Uri Caine and Jason Moran - A Piano Duel/Dualism
Andy on the color(s) and shapes he visualizes when listening to jazz:
"...I tend to picture hues of purple, actually purple circles."
This was where our jazz trip began. We flipped the history book open at some past day in jazz history, yet instead of a smoky basement, packed and hot, we were in a state-of-the-art music facility. Jason Moran is a leading pianist in modern jazz. He emerged onto the music scene in the late '90s with his outfit, The Bandwagon. He pushed boundaries with technical experimentation yet held roots in traditionalist jazz theory. While Jason played you could hear years of experiences both physical and cultural merging in his sound. Jason sent his delicate fingers out over the ivory keys in fluid, methodical movements. Each key strike was a precise hit, sending sound directly to its target. His captivating tone brought a sort of clarity to the evening. Across from him sat Uri Caine, the yang to Jason's ying.
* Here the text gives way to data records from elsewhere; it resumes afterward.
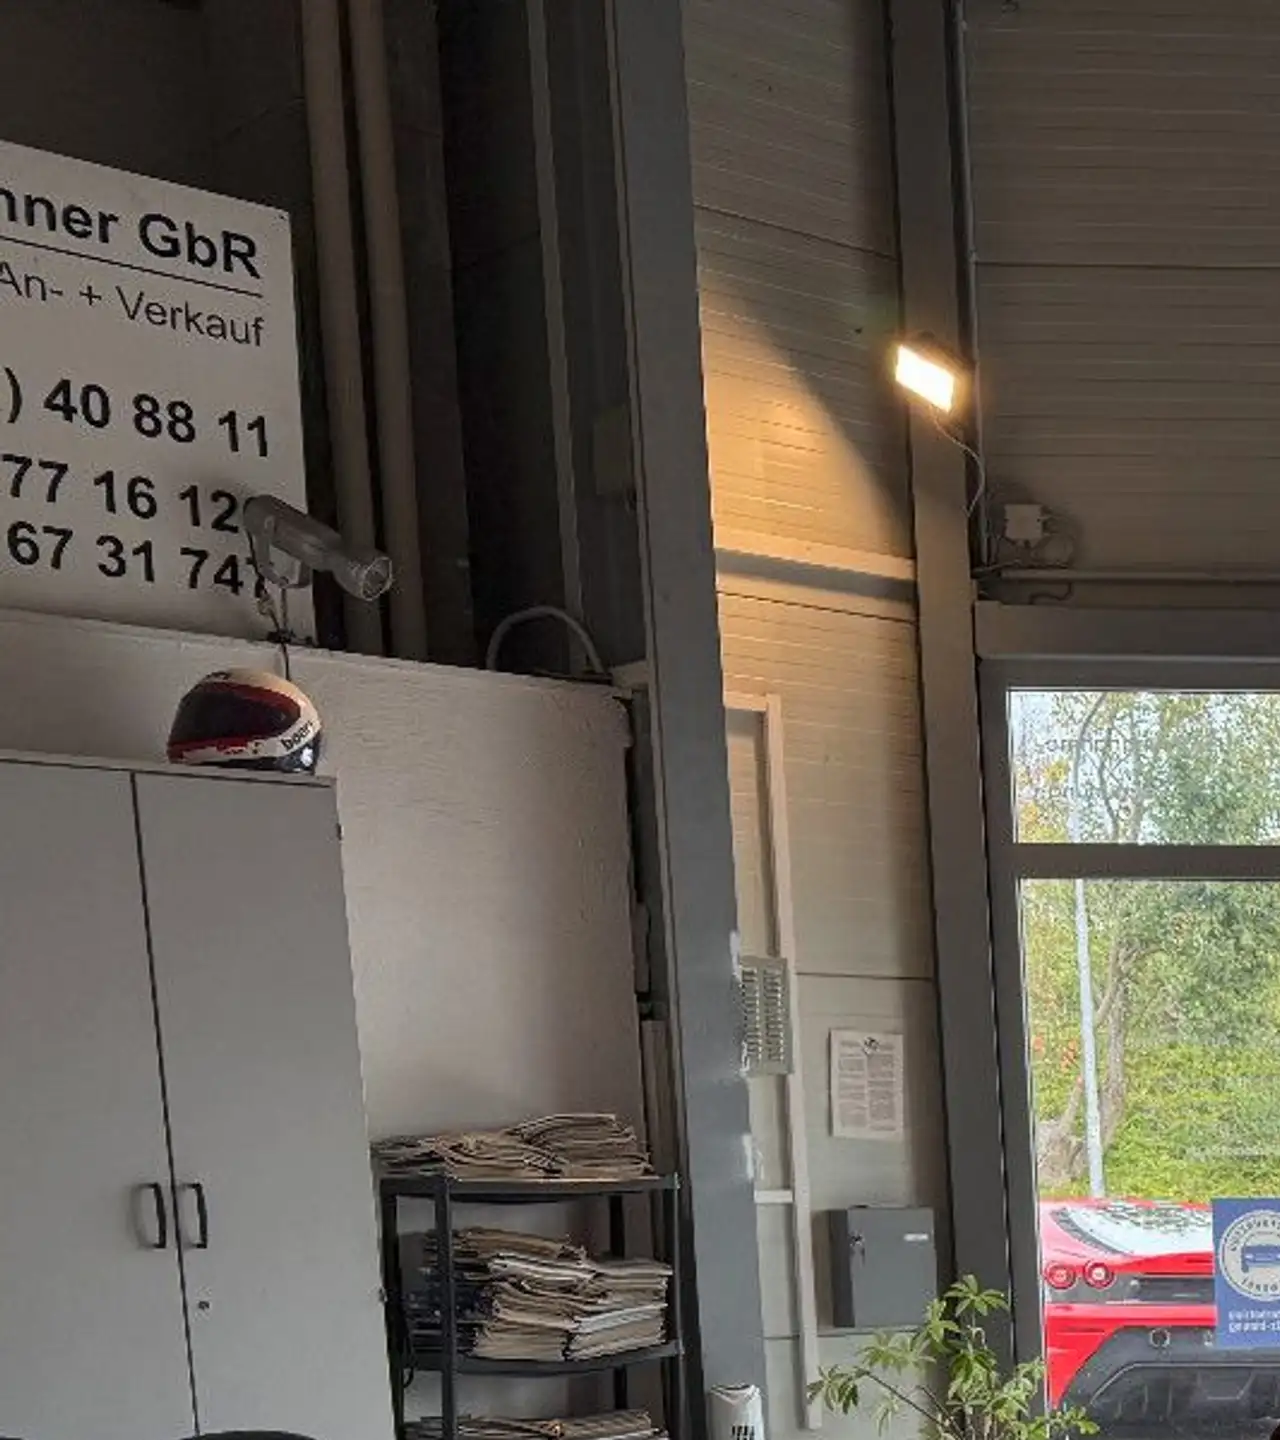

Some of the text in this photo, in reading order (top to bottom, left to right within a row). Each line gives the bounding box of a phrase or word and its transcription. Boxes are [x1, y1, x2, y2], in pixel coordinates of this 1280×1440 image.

[138, 213, 261, 279] GbR
[79, 285, 102, 307] +
[115, 286, 265, 347] Verkauf
[43, 379, 111, 428] 40
[133, 393, 196, 444] 88
[218, 410, 268, 457] 11
[93, 470, 158, 520] 16
[7, 521, 74, 571] 67
[96, 535, 155, 583] 31
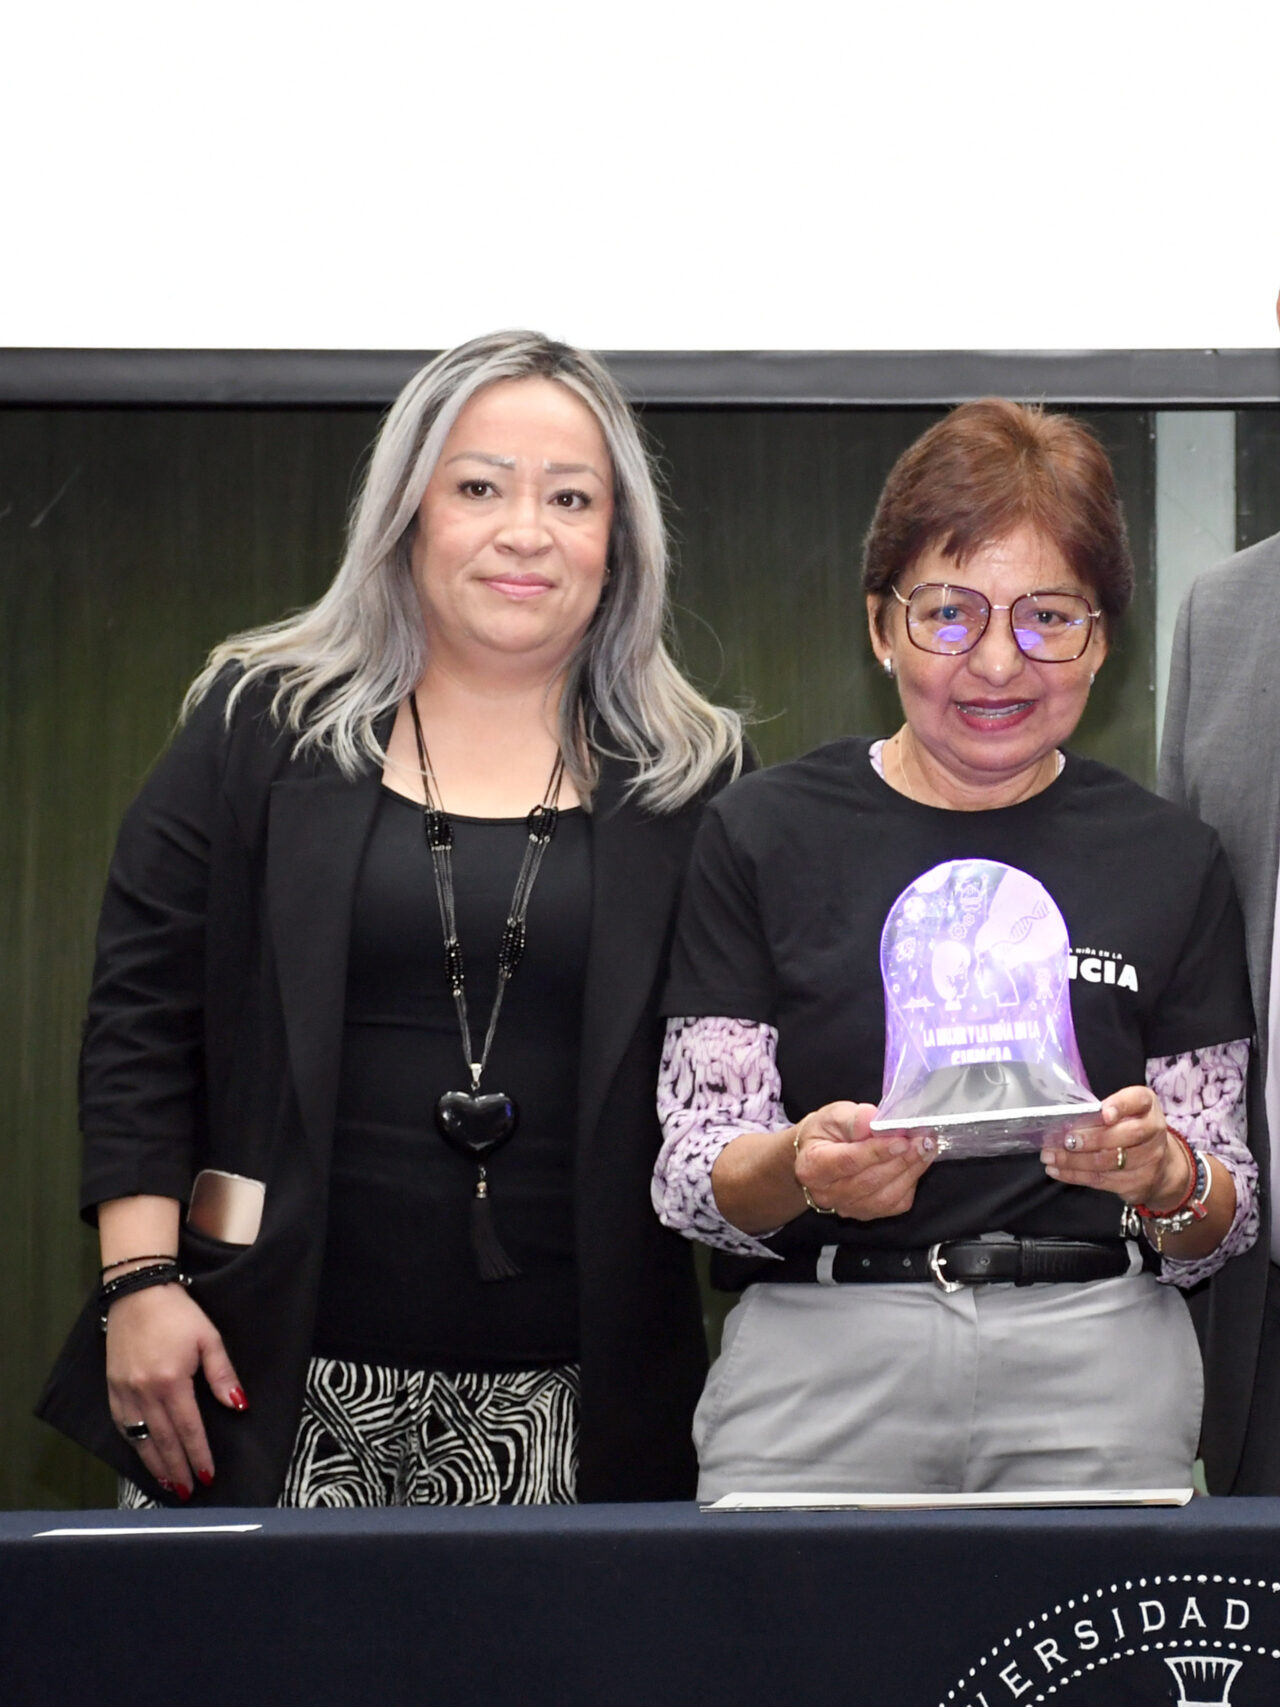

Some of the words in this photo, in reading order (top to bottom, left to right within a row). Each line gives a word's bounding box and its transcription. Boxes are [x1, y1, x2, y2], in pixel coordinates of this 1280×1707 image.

[1075, 946, 1096, 956] NIÑA
[1098, 950, 1110, 958] EN
[1112, 952, 1122, 960] LA
[923, 1028, 936, 1048] LA
[975, 1024, 989, 1044] LA
[1028, 1020, 1041, 1039] LA
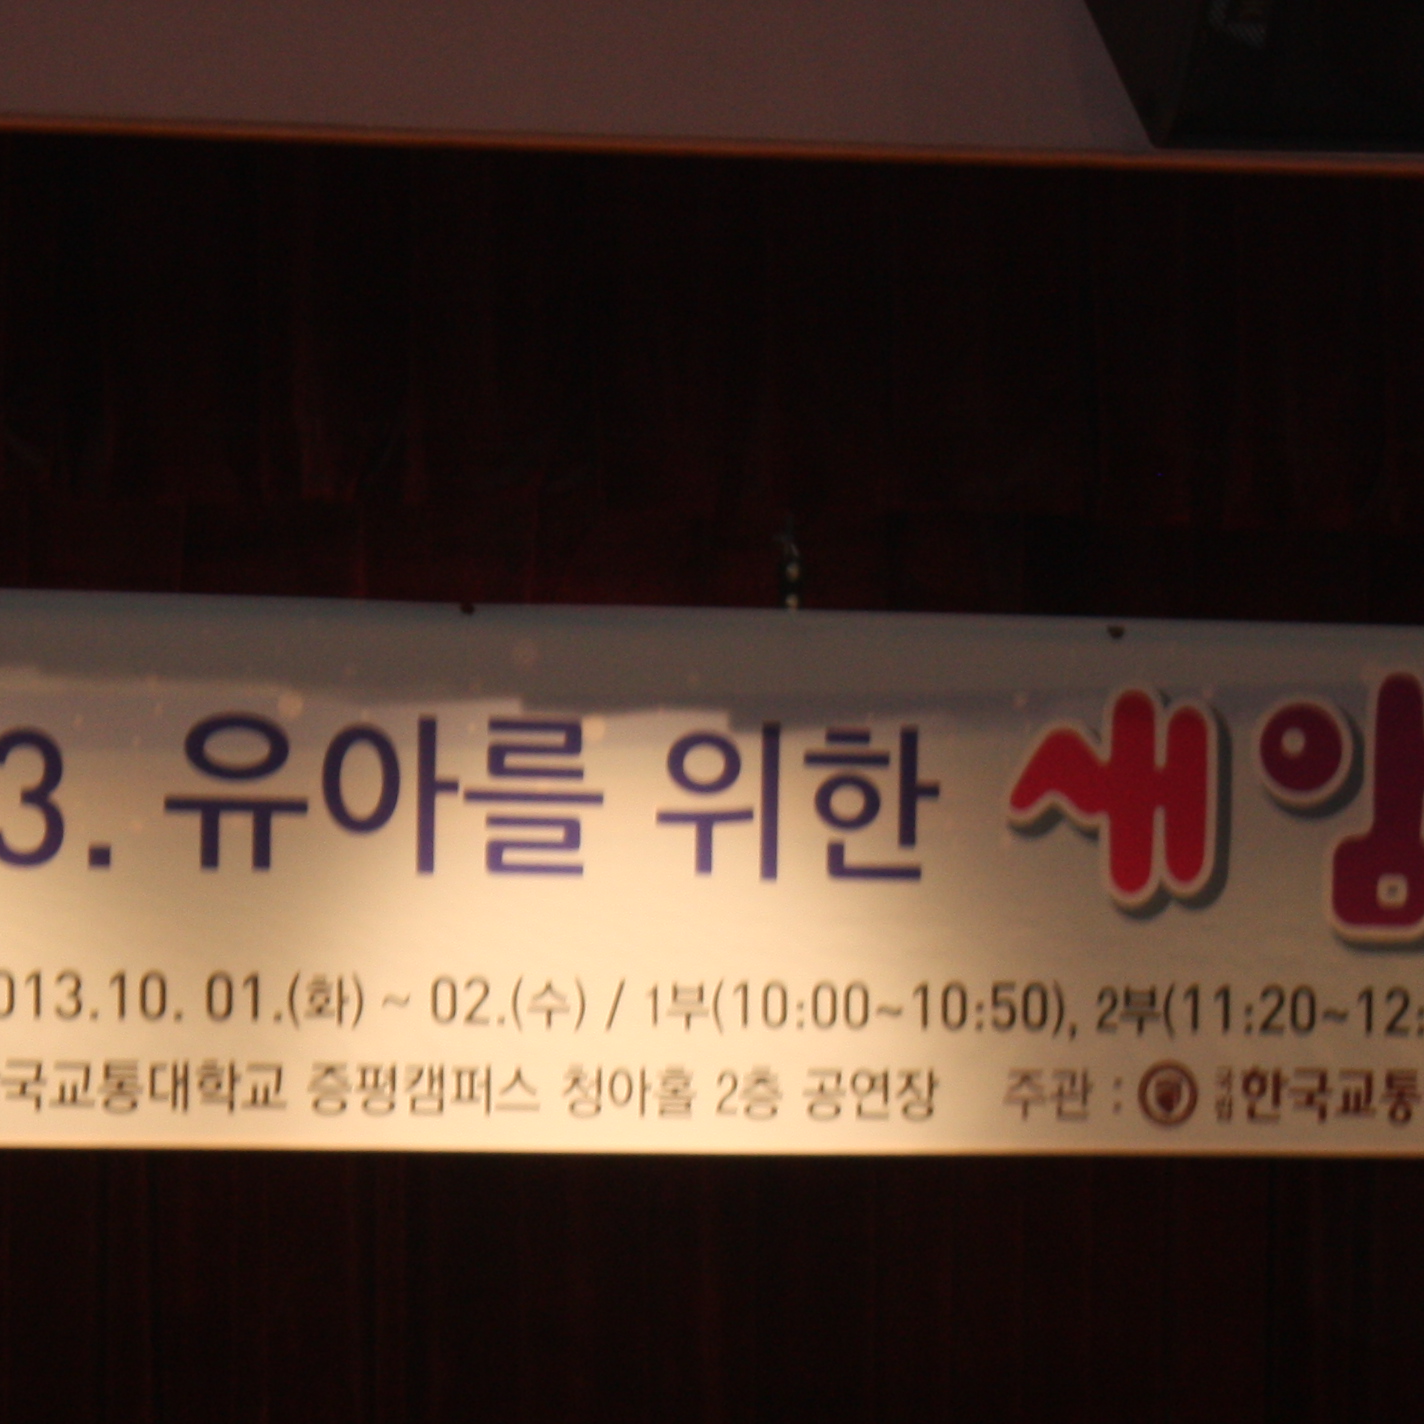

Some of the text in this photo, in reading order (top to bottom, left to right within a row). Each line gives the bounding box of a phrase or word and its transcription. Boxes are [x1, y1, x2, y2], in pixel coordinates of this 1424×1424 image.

[163, 710, 605, 878] 유아를
[655, 718, 941, 883] 위한
[429, 973, 587, 1032] 02.(수)
[305, 1059, 541, 1119] 증평캠퍼스
[561, 1060, 697, 1121] 청아홀
[715, 1062, 784, 1122] 2층
[802, 1065, 941, 1123] 공연장
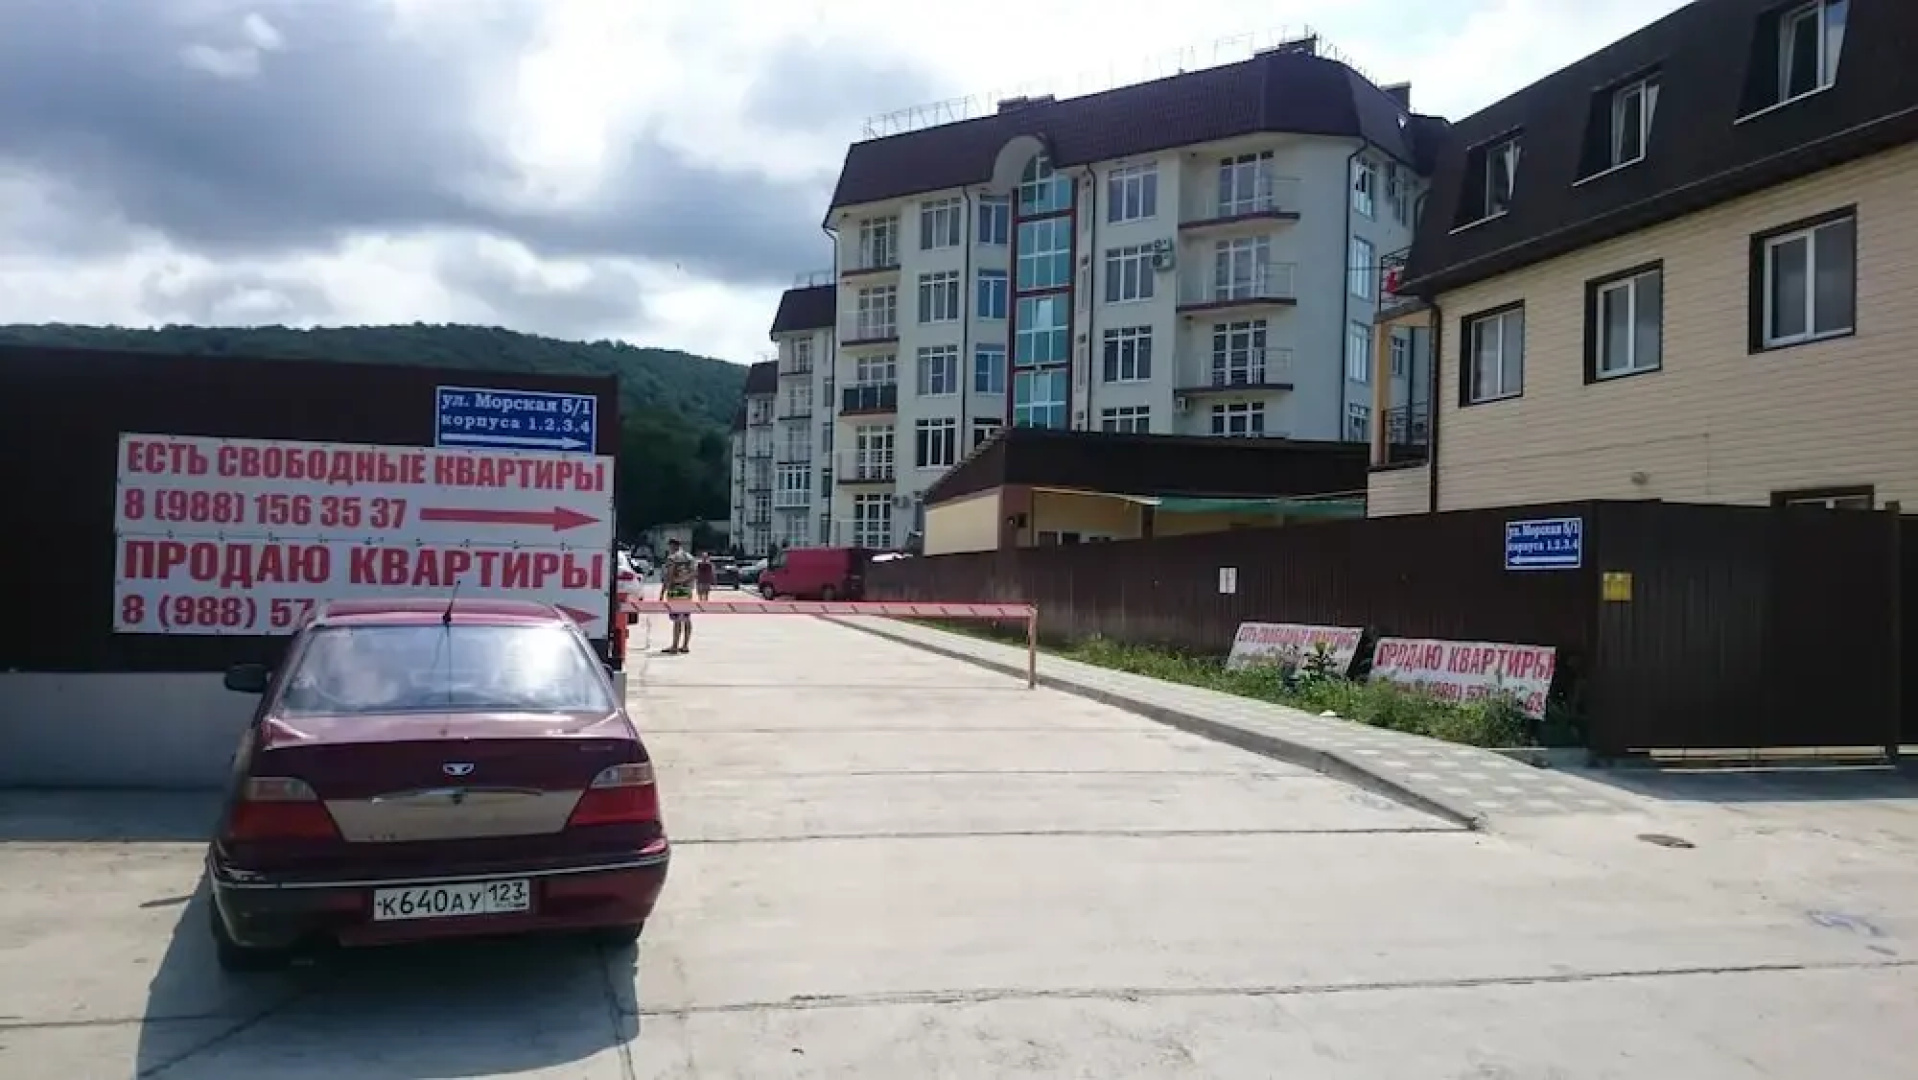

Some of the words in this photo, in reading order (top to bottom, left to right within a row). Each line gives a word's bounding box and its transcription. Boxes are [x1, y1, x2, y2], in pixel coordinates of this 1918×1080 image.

Uri is a Philadelphia native who has combined sounds of classical pianists with avant-garde jazz. He has played with everyone from Bill Frisell to The Pennsylvania Ballet.
Moran & Caine :: 09.21.05 :: World Cafe Live
Uri's curly hair and wild style beautifully balanced the smooth cool movements of Jason. The two played in a call-and-response, improvisational style with no holds barred. Uri played sporadic, emotional, and wild. Jason played with soft fingers, driving the music with a grace that one might call feminine. Uri used a deliberate force and aggression that kept his whole body in motion. Fingers, palms, and forearms smashed at the keys. Uri fascinated us as he teased classical works in pounding emotional tirades. Jason sampled and looped notes for minutes on end, creating percussive rhythm, only to let it fade away into deep low tones. Some exchanges were lightning fast while others were so soft no one dared to stir a drink. The jazz piano that flowed from these two held a precise emotional realism within its notes. We applauded the musicians as they addressed the crowd. The two embraced warmly as Uri exclaimed, "Yes we are lovers. We are lovers of the same craft."
Alan Hampton :: 09.21.05 :: World Cafe Live
John Ellis Quartet: Instruments As An Extension Of One's Mind
Andy Hurwitz on newest/youngest influential jazz musicians:
"Robert Glasper, Adam Dorn, Marco Benevento, Grimace Federation, and John Ellis."
John Ellis stood front-and-center, wearing a sport coat over a RENew Orleans tee. His heart and sound ooze New Orleans, but John has played all over the world. John was born in North Carolina and has played with the likes of Charlie Hunter, Jason Marsalis, Walter Payton, and Roland Guerin. He and his quartet didn't just dip their feet in the wash; they dove head-first into "Happy," the first of three songs off of the 2005 release One Foot in the Swamp. John started on a worn tenor sax creating music with a be-bop style reminiscent of Duke Ellington and Thelonious Monk. The music offered exchanges that shot out as a musical conversation.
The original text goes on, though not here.